I’ve plotted the distribution we guessed, along with where each point falls on that distribution. Note that the height of the density is scaled to match the histogram, and so they are not really on the same y-axis.

MLE maximizes the product of the likelihood value for each point. If the parameters are \(\mu\) and \(\sigma\), we can represent the likelihood of point \(i\) as \(L(\mu,\sigma)_i\) \(L(\mu,\sigma) = \prod_i { L(\mu,\sigma)_i}\). The values of \(\mu\) and \(\sigma\) that maximize \(L(\mu,\sigma)\) also maximize \(log(L(\mu,\sigma))\), which gives us \(log(L(\mu,\sigma)) =\sum_i{log(L(\mu,\sigma)_i)})\).
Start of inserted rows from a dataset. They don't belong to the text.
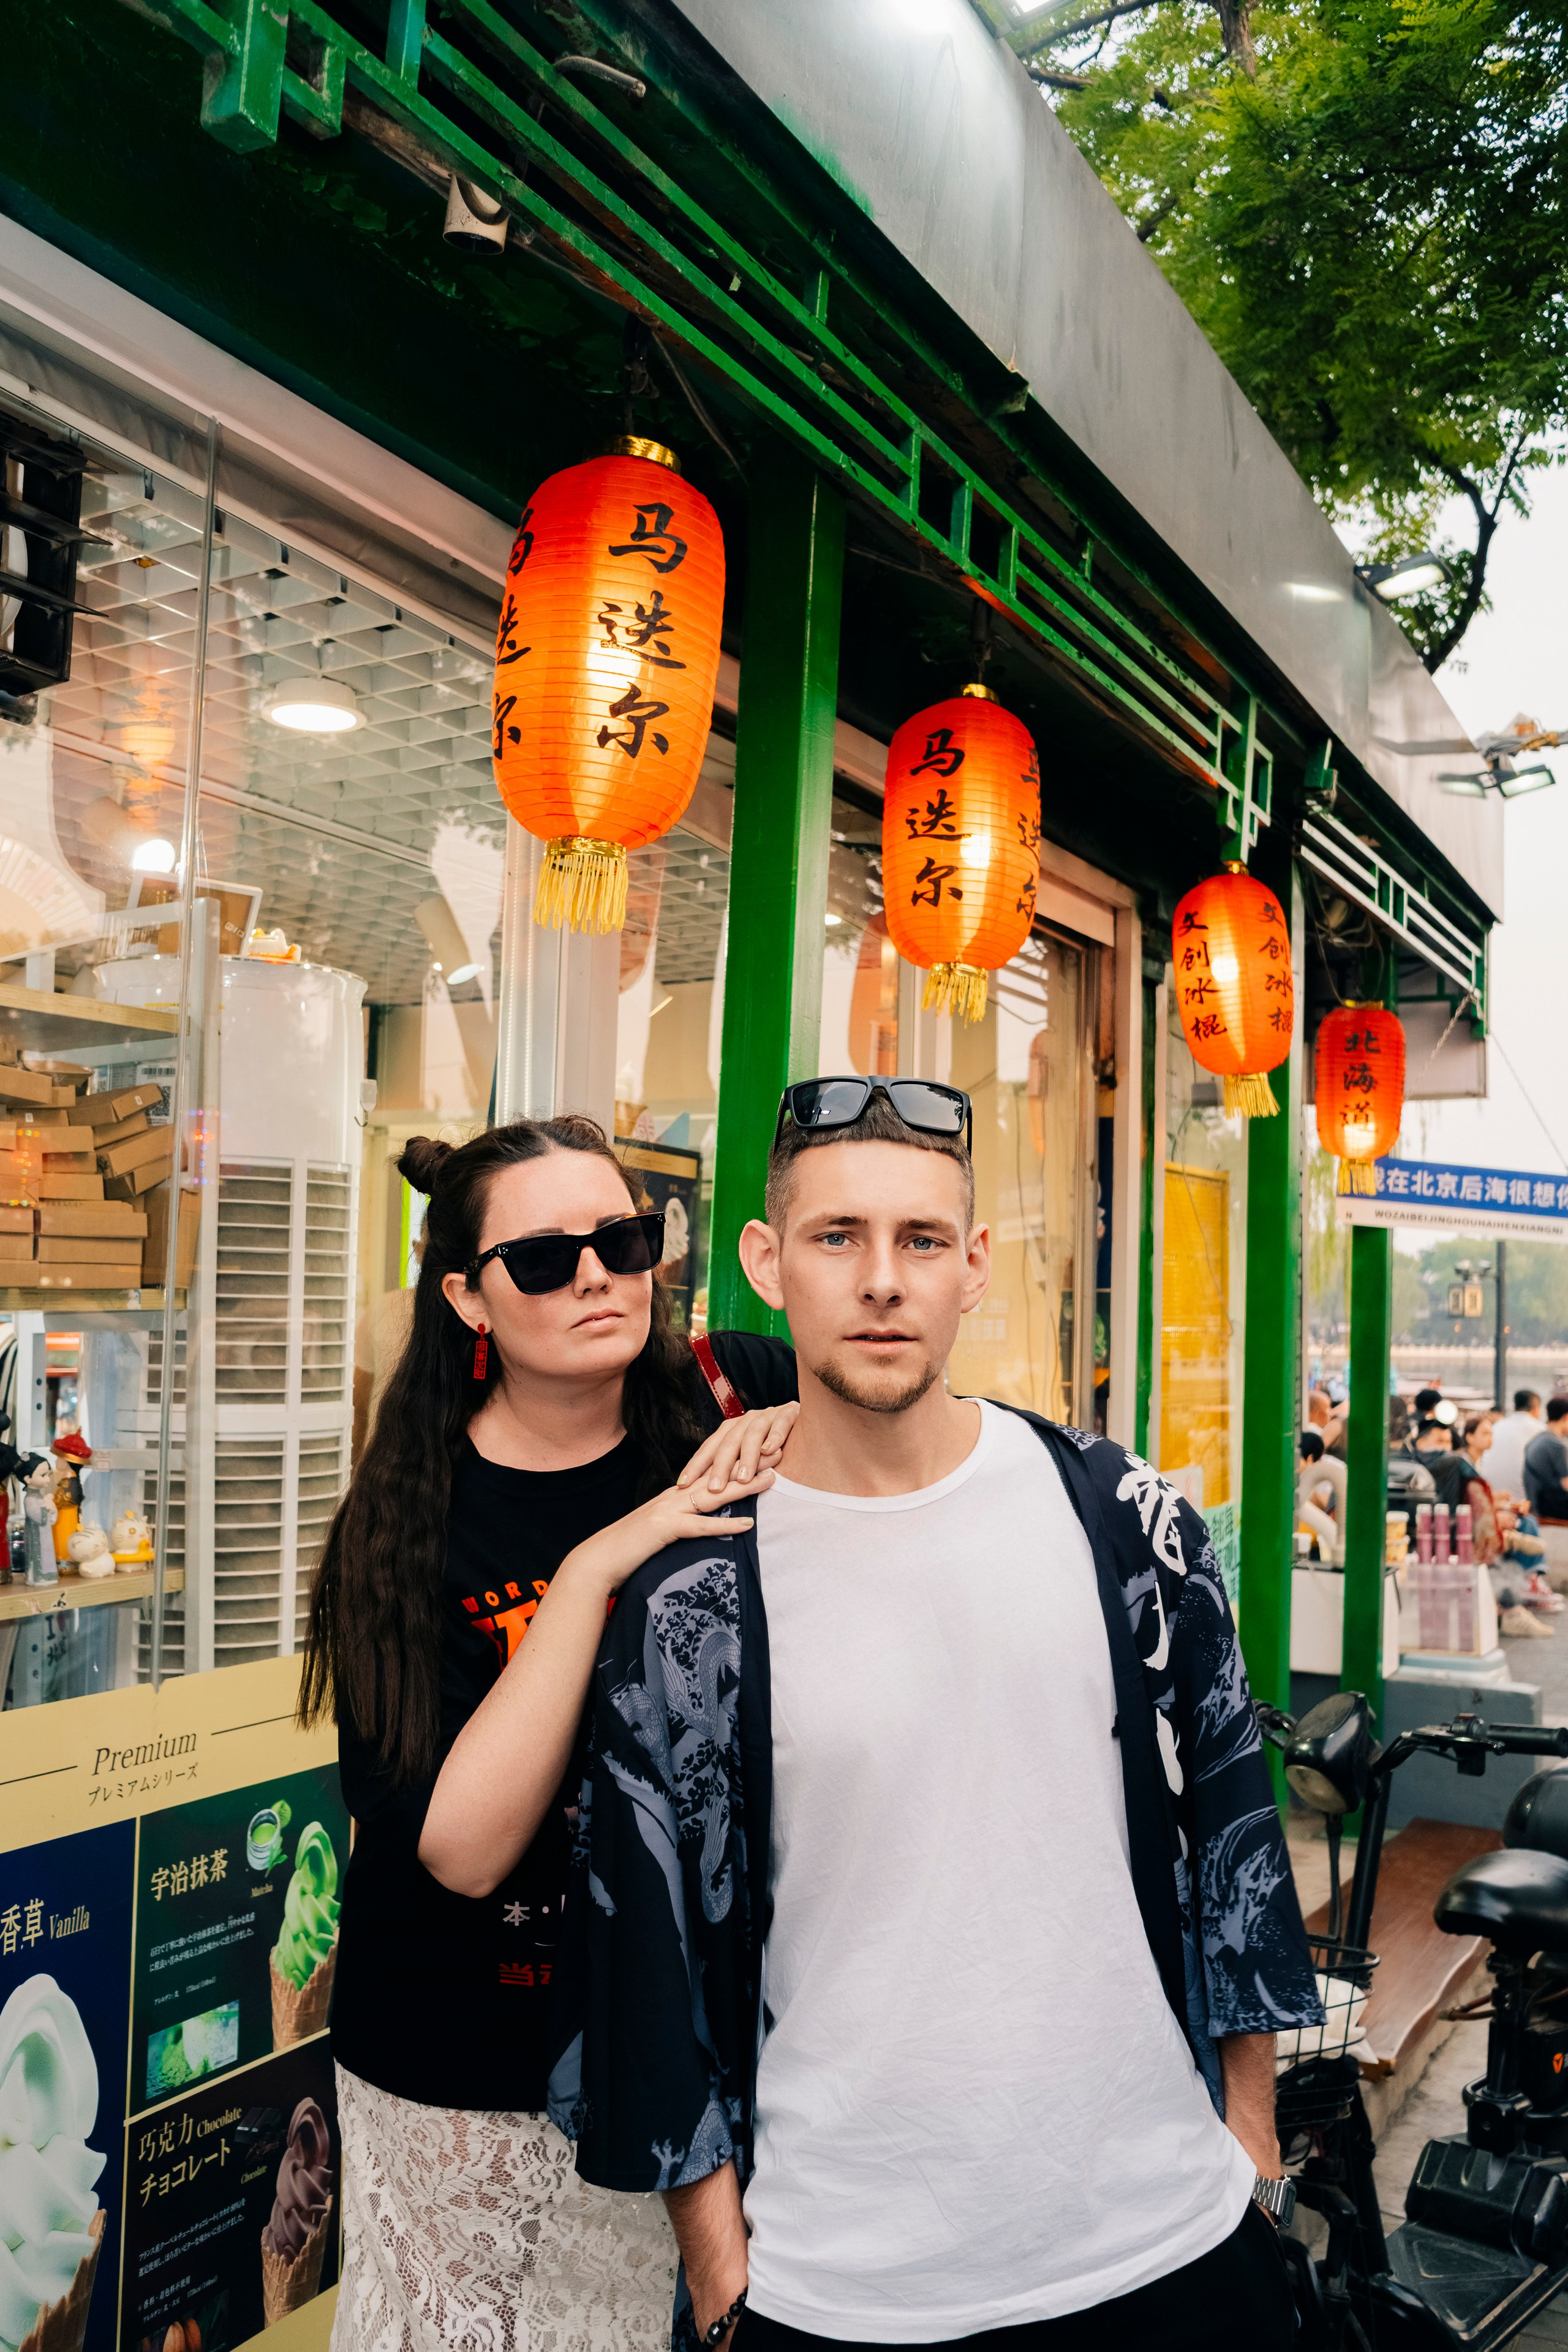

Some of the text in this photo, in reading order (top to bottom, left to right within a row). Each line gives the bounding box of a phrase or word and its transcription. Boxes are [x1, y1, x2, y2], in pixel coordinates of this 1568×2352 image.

[597, 502, 688, 759] 马迭尔
[905, 728, 972, 907] 马迭尔
[91, 1732, 197, 1776] Premium
[88, 1762, 199, 1807] プレミアムシリーズ
[151, 1848, 229, 1901] 宇治抹茶
[0, 1898, 90, 1956] 香草 Vanilla
[138, 2106, 243, 2162] 巧克力 Chocolate
[140, 2138, 231, 2207] チョコレート
[240, 2163, 268, 2185] Chocolate
Numerically, it is a lot easier to add together values, and so we generally use log(likelihood) because it is a faster and more precise calculation. So, calculating the log-likelihood of a model given data is just the sum of the log of the density function–the sum of the log of the curve at each point on the curve.
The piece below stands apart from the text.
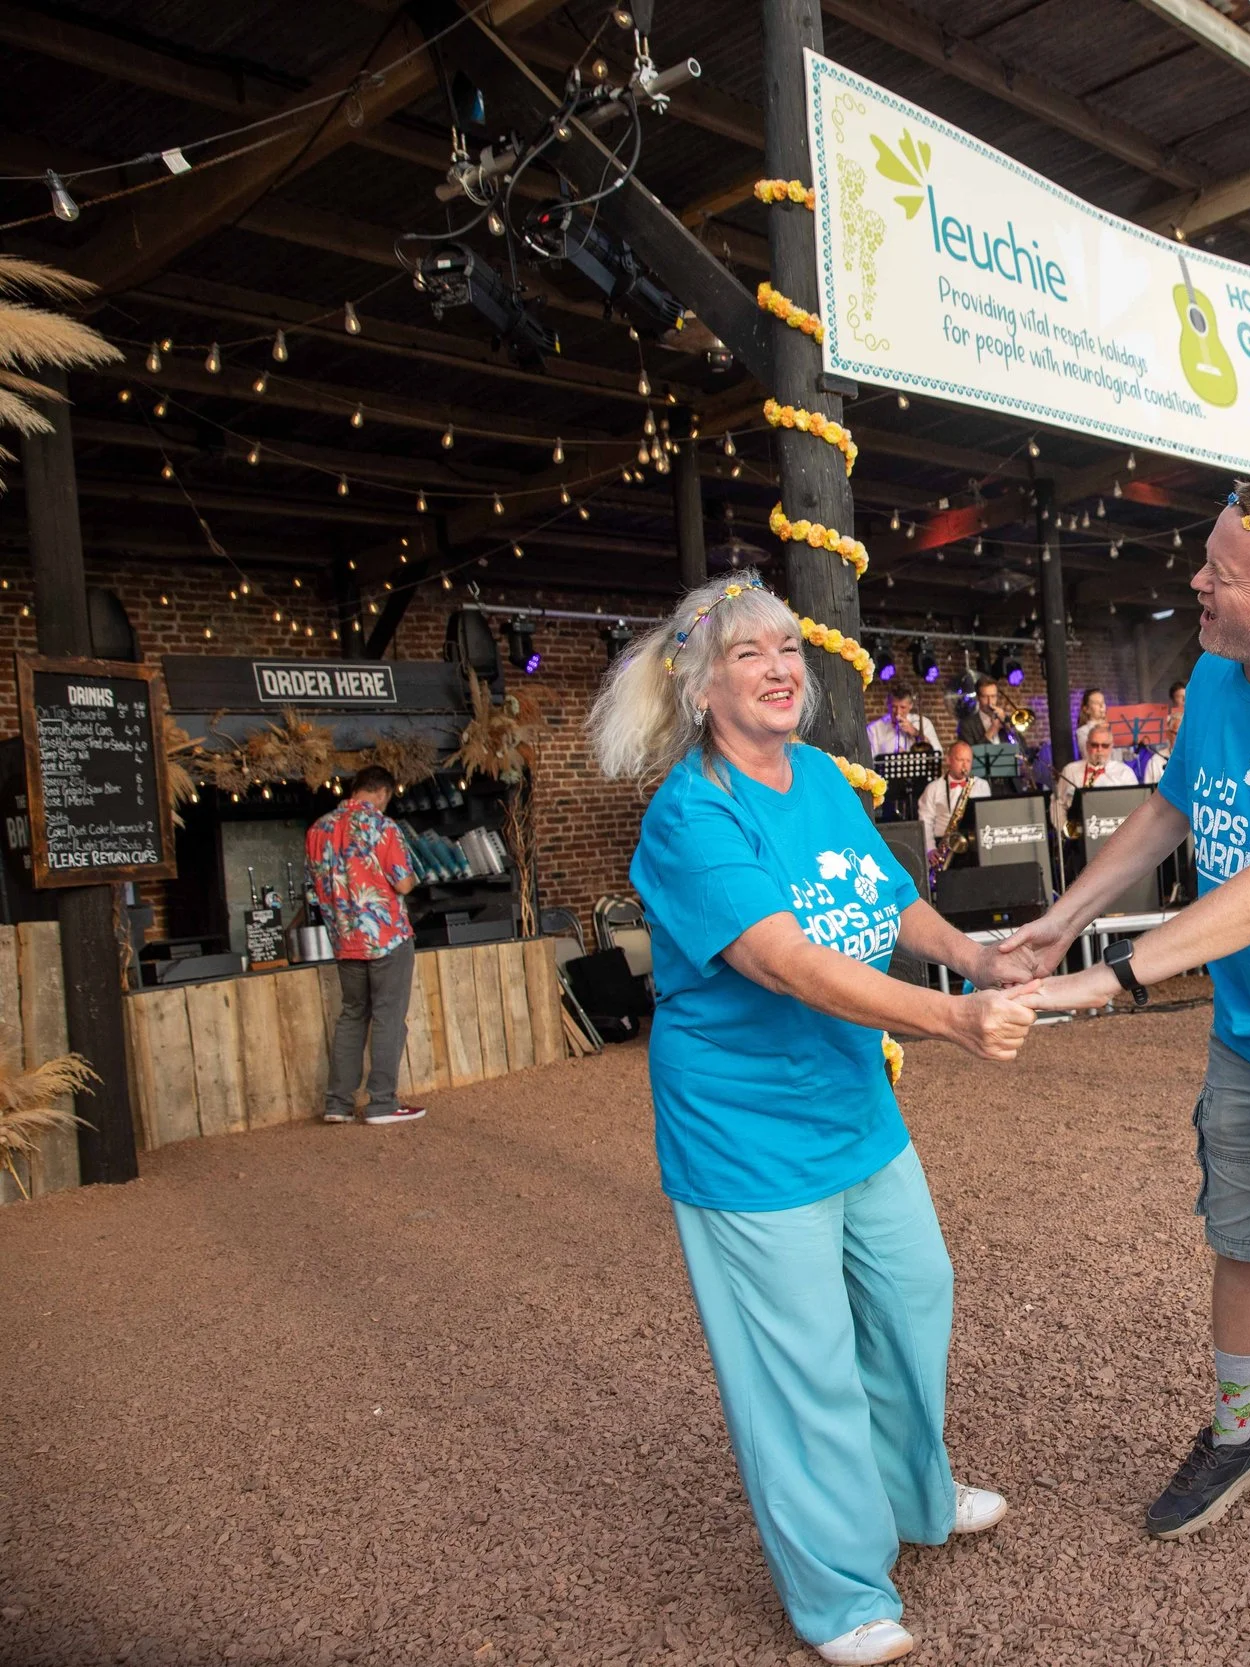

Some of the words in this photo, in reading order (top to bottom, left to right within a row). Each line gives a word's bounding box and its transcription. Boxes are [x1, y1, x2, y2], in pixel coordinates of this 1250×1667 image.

sum(log(dnorm(data,mean=mean,sd=sd)))
[1] -663.8609

We’d like to find the values of mean and sd that maximize log-like. let’s do a simple grid search:

library(tidyr)
means <- seq(-1,6,.5)
sds <- seq(1,2.5,.25)
loglikes <- matrix(NA, nrow=length(means),ncol=length(sds))
for(i in 1:length(means))
  for(j in 1:length(sds))
  {
    loglikes[i,j] <- sum(log(dnorm(data,mean=means[i],sd=sds[j])))
  }

maxMean <-means[which(rowSums(loglikes==max(loglikes))==1)]
maxSD <- sds[which(colSums(loglikes==max(loglikes))==1)]
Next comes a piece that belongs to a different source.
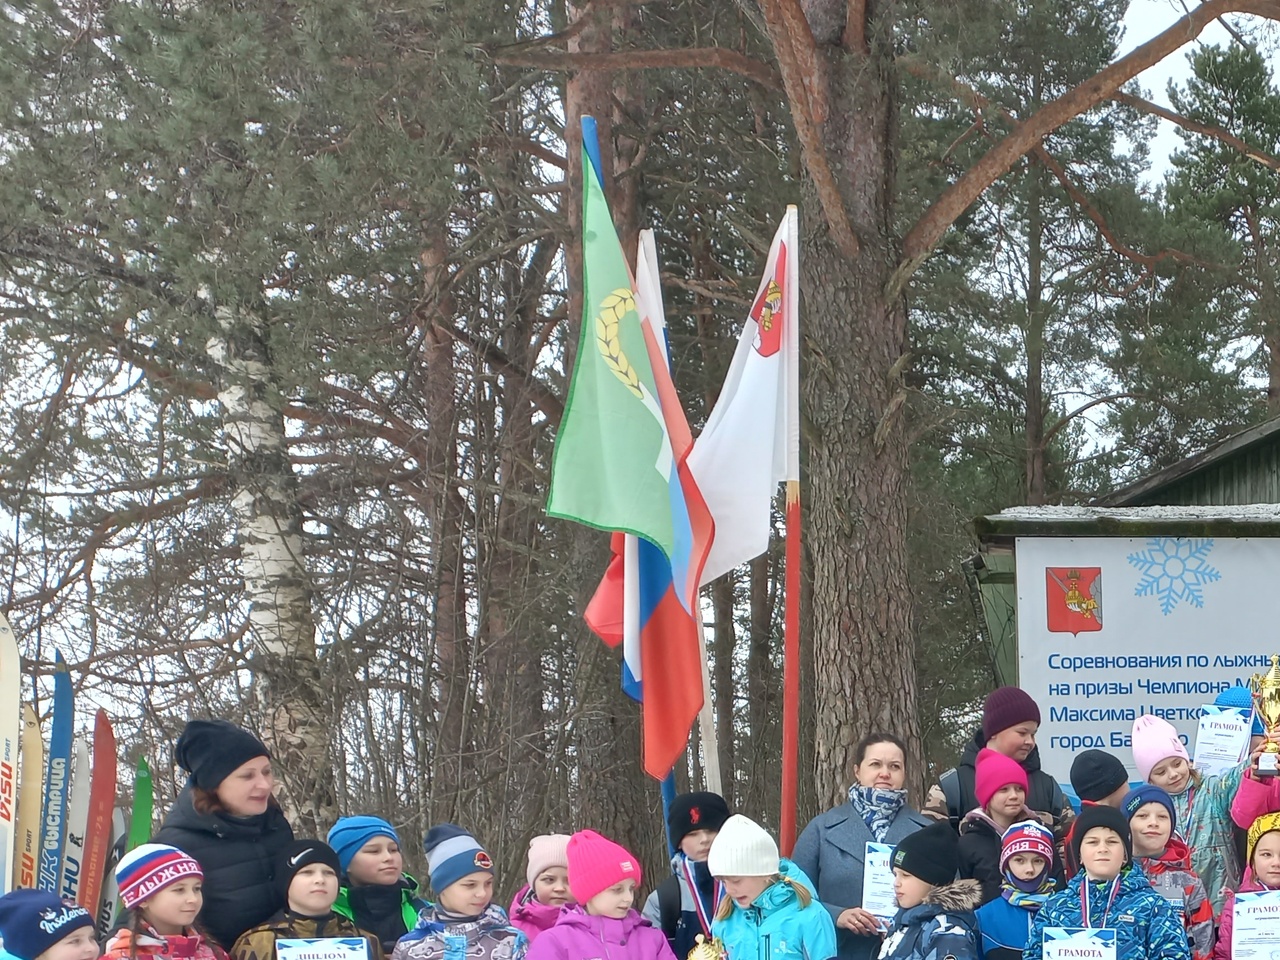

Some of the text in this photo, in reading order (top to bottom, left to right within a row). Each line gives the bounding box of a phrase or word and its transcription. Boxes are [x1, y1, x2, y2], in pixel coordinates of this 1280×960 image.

data.frame(val=means,loglikes) %>% pivot_longer(cols=2:8) %>%
  mutate(sd=sds[as.numeric(as.factor(name))]) %>%
  mutate(mean=val) %>%
  ggplot(aes(x=mean,y=value,color=sd,group=sd))  + geom_line() +
  theme_bw()  + annotate("text", 1,0,label=paste("Max Mean: ",maxMean)) + 
  annotate("text", 1,-40,label=paste("Max SD: ",maxSD)) + 
  annotate("text",1,-80,label=paste("Max log(Like)= ",round(max(loglikes),2)))

We can easily find that the maximum likelihood combination occurred at mean=3 and sd=1.5, which is close to the values we used to generate the data.

If we happened to get the sd right, we can look at how the log-likelihood is impacted by moving the true mean of the distribution away (from 3 to 2.5 to 2):

par(mfrow=c(1,3))
imean = 1
isd = 6
##the best one
hist(data,col="gold",ylim=c(0,50),main=paste("mean = ",means[imean],", sd =",sds[isd], "\nlog-like=",round(loglikes[imean,isd],2)))
points((-100:100)/10, dnorm((-100:100)/10,mean=means[imean],sd=sds[isd])*100,type="l",lwd=3)
points(data,  dnorm(data,mean=means[imean],sd=sds[isd])*100,type="p",cex=1.5)

imean = 9
isd = 6
##the best one
hist(data,col="gold",ylim=c(0,50),main=paste("mean = ",means[imean],", sd =",sds[isd], "\nlog-like=",round(loglikes[imean,isd],2)))
points((-100:100)/10, dnorm((-100:100)/10,mean=means[imean],sd=sds[isd])*100,type="l",lwd=3)
points(data,  dnorm(data,mean=means[imean],sd=sds[isd])*100,type="p",cex=1.5)


imean = 13
isd = 6
##the best one
hist(data,col="gold",ylim=c(0,50),main=paste("mean = ",means[imean],", sd =",sds[isd], "\nlog-like=",round(loglikes[imean,isd],2)))
points((-100:100)/10, dnorm((-100:100)/10,mean=means[imean],sd=sds[isd])*100,type="l",lwd=3)
points(data,  dnorm(data,mean=means[imean],sd=sds[isd])*100,type="p",cex=1.5)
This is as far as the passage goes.